The unforeseen financial shock of the last year has forced many individuals to curtail their spending dramatically, including spending on investments. Those hit most severely by the economic downtown who own cash value life insurance have often found they can no longer afford the premiums. In a large percentage of these cases, they feel the need to drop these policies and switch to term insurance if they continue their insurance at all.
The typical commission structure of permanent insurance causes a substantial, and often total, loss when this happens. The commissions are heavily “front-loaded,” leaving little or nothing to show in the investment component (cash surrender value) of the policy in the first year in exchange for the premium paid. Because of this commission structure, even decent cash value policies generally won’t show the surrender value exceeding the premium outlay for ten years or more.
Avoiding or minimizing commissions – an option insurance agents don’t mention – not only enhances the immediate and long-term value of permanent life insurance but guards against the drastic investment consequences of a policy lapse in the early years of a policy.
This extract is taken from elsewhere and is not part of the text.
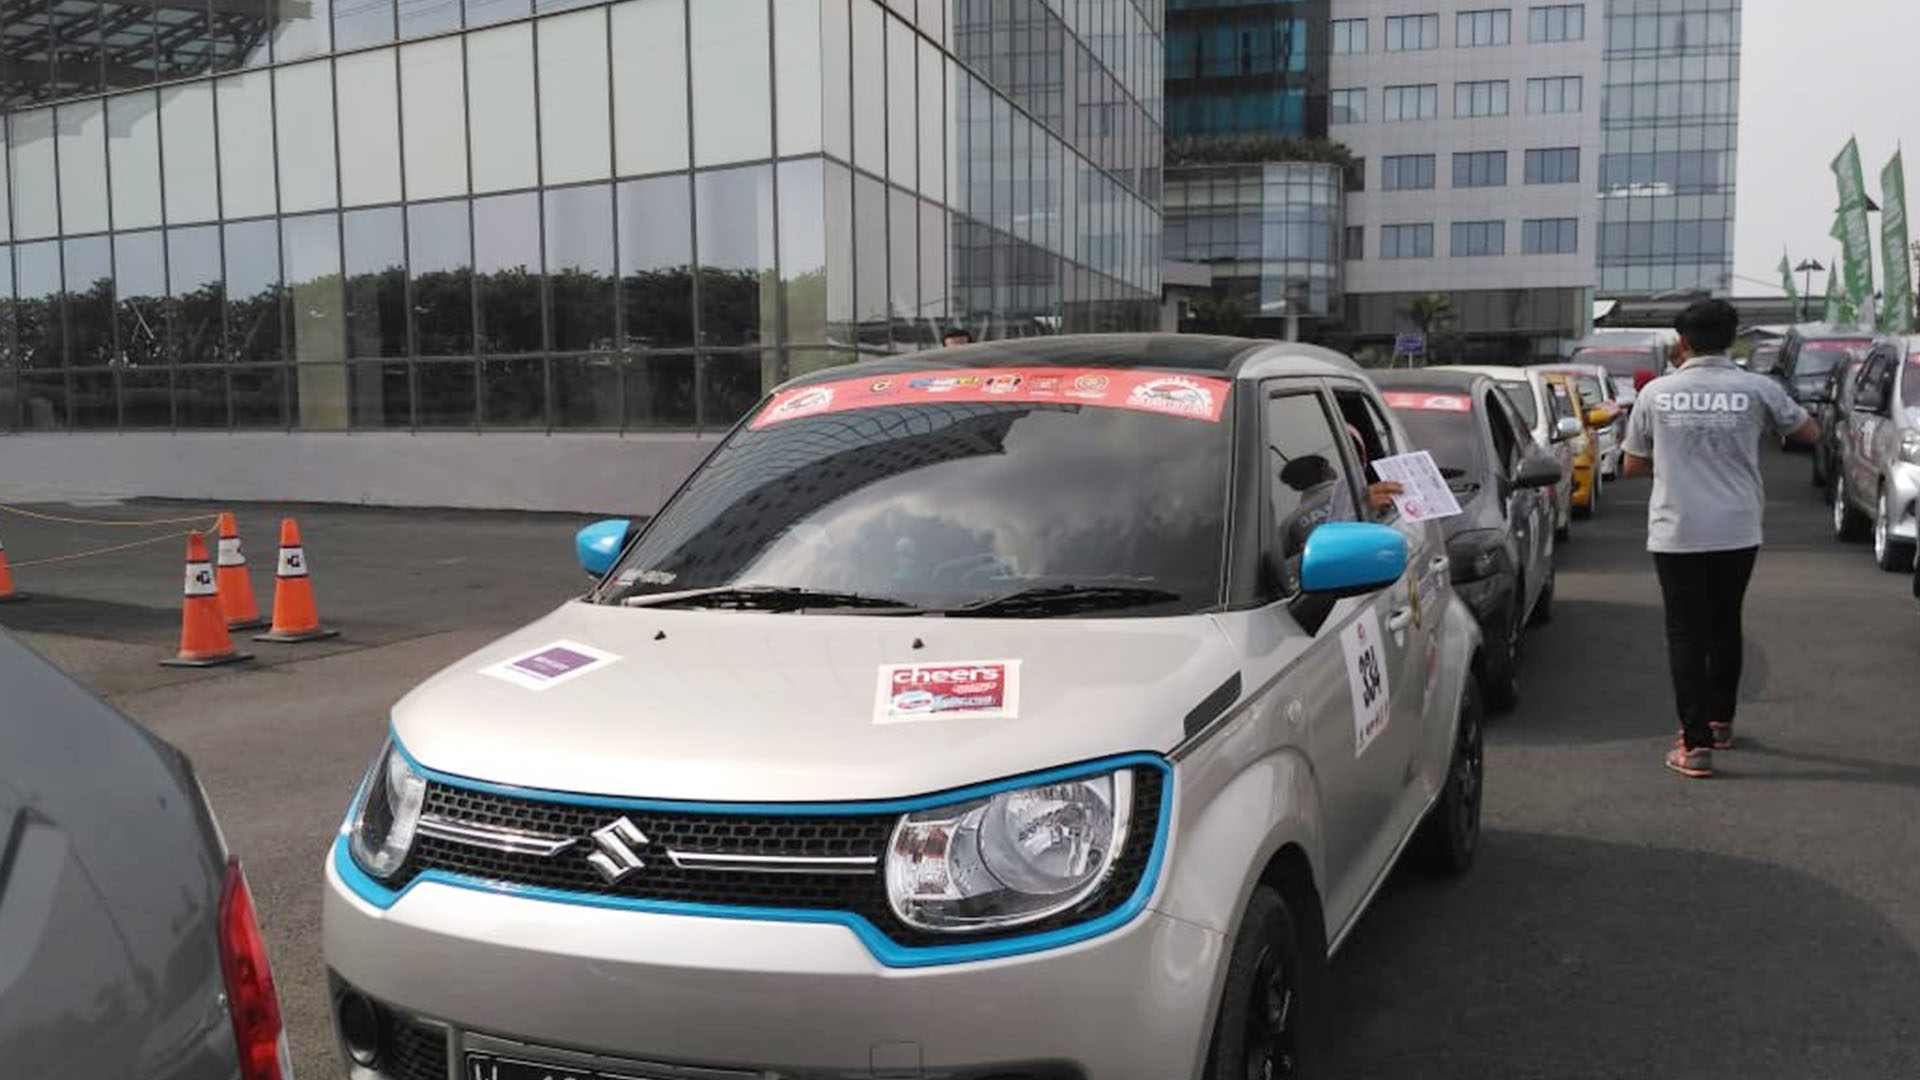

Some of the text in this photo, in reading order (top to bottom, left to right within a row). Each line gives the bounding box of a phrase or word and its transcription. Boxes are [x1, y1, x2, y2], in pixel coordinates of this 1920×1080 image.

The possible future need to change course with a policy is a compelling reason to choose one that maximizes the amount of cash building up immediately within a policy. Even those who think they are only interested in a policy’s death benefit may not anticipate the circumstances (e.g., financial hardship, divorce) that will force them to drop or change a policy during their lives. I have seen these things happen to clients often enough to counsel them to think long and hard about the need to build in future flexibility when selecting a policy. Minimizing or avoiding sales commissions quickly boosts the savings value of a policy. Policy holders can then deal with unforeseen circumstances, such as those of this past year, without incurring an additional heavy investment loss when a policy is surrendered or modified.